What the task requires: From the first line to the last, restate the data exactly, leaving out the images.

Records from a data collection
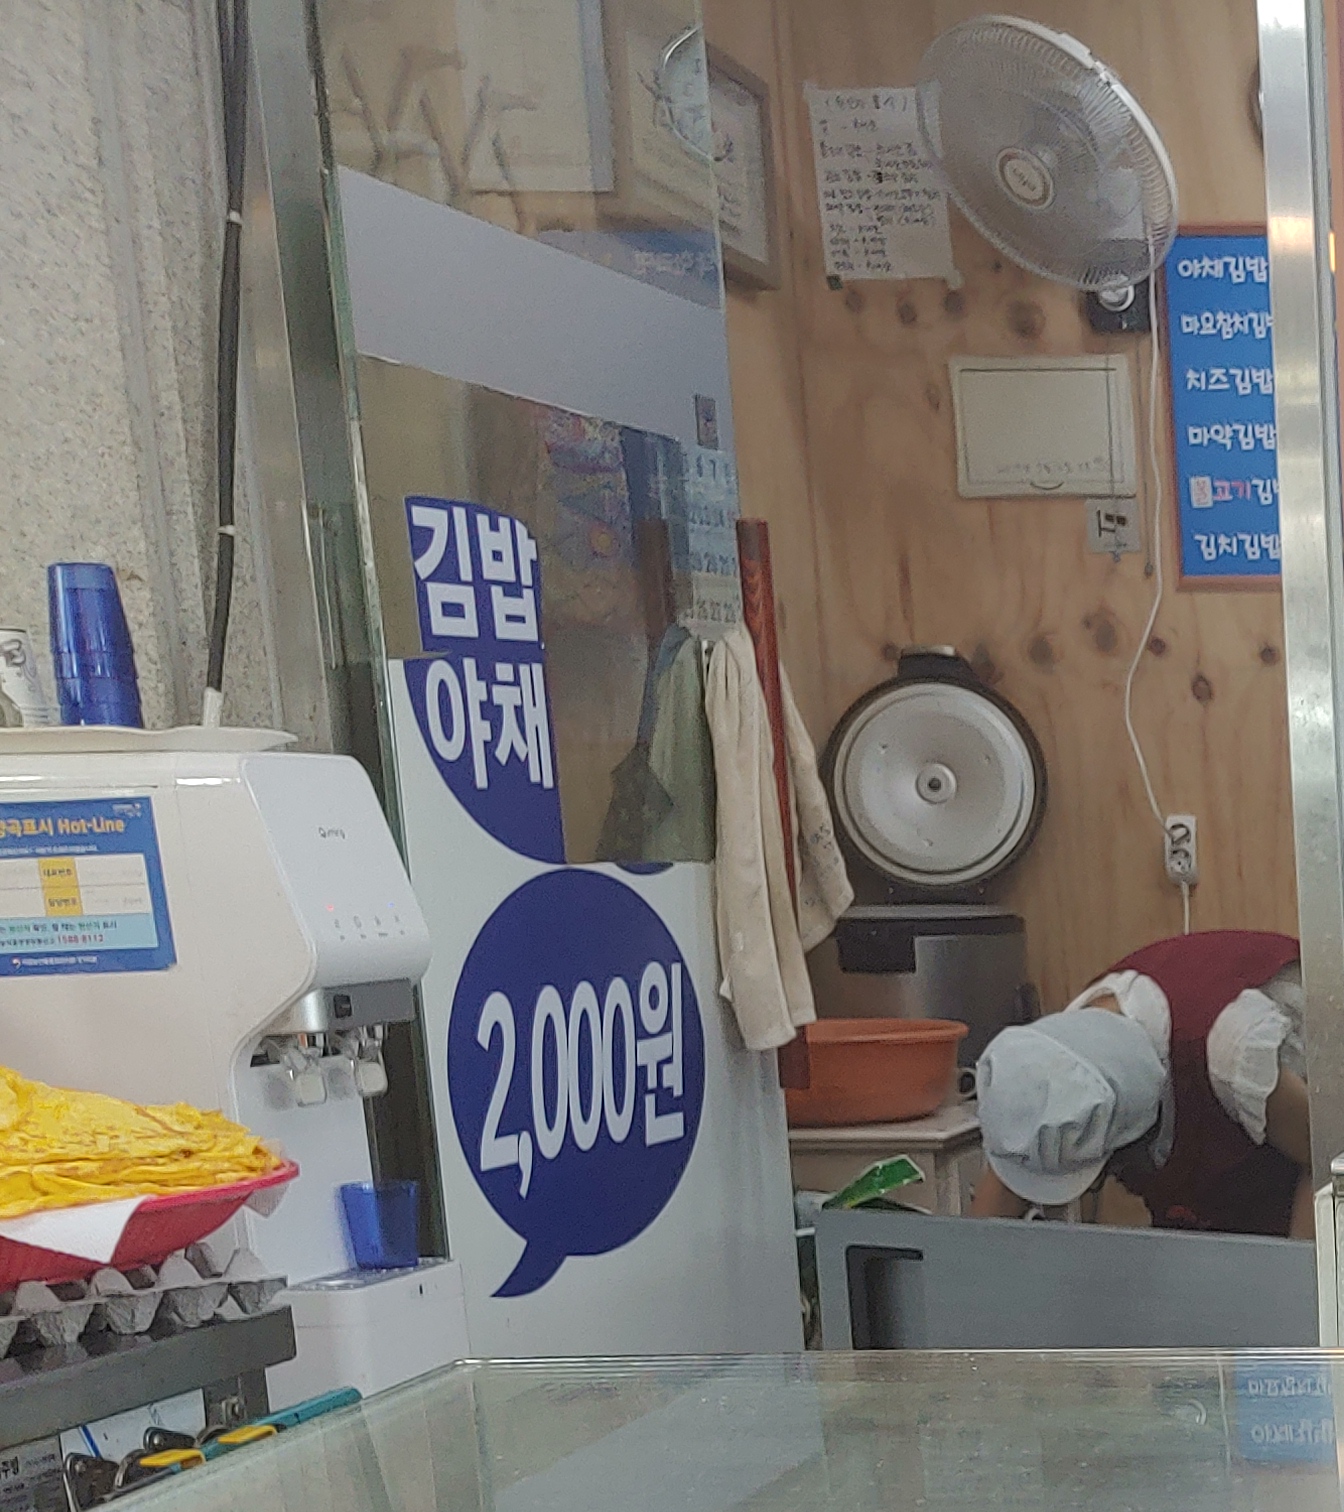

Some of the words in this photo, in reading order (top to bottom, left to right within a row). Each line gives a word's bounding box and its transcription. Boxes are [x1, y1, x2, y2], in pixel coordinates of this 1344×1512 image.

[1186, 368, 1274, 396] 치즈김밥
[1188, 424, 1277, 451] 마약김밥
[1194, 477, 1279, 506] 불고기김
[411, 505, 538, 642] 김밥
[425, 657, 556, 790] 야채
[478, 961, 687, 1198] 2,000원

Reply:
Some of the words in this photo, in reading order (top to bottom, left to right within a row). Each line gives a word's bounding box and its transcription. Boxes are [x1, y1, x2, y2], in pixel coordinates of this 1344×1512 image.

[1186, 368, 1274, 396] 치즈김밥
[1188, 424, 1277, 451] 마약김밥
[1194, 477, 1279, 506] 불고기김
[411, 505, 538, 642] 김밥
[425, 657, 556, 790] 야채
[478, 961, 687, 1198] 2,000원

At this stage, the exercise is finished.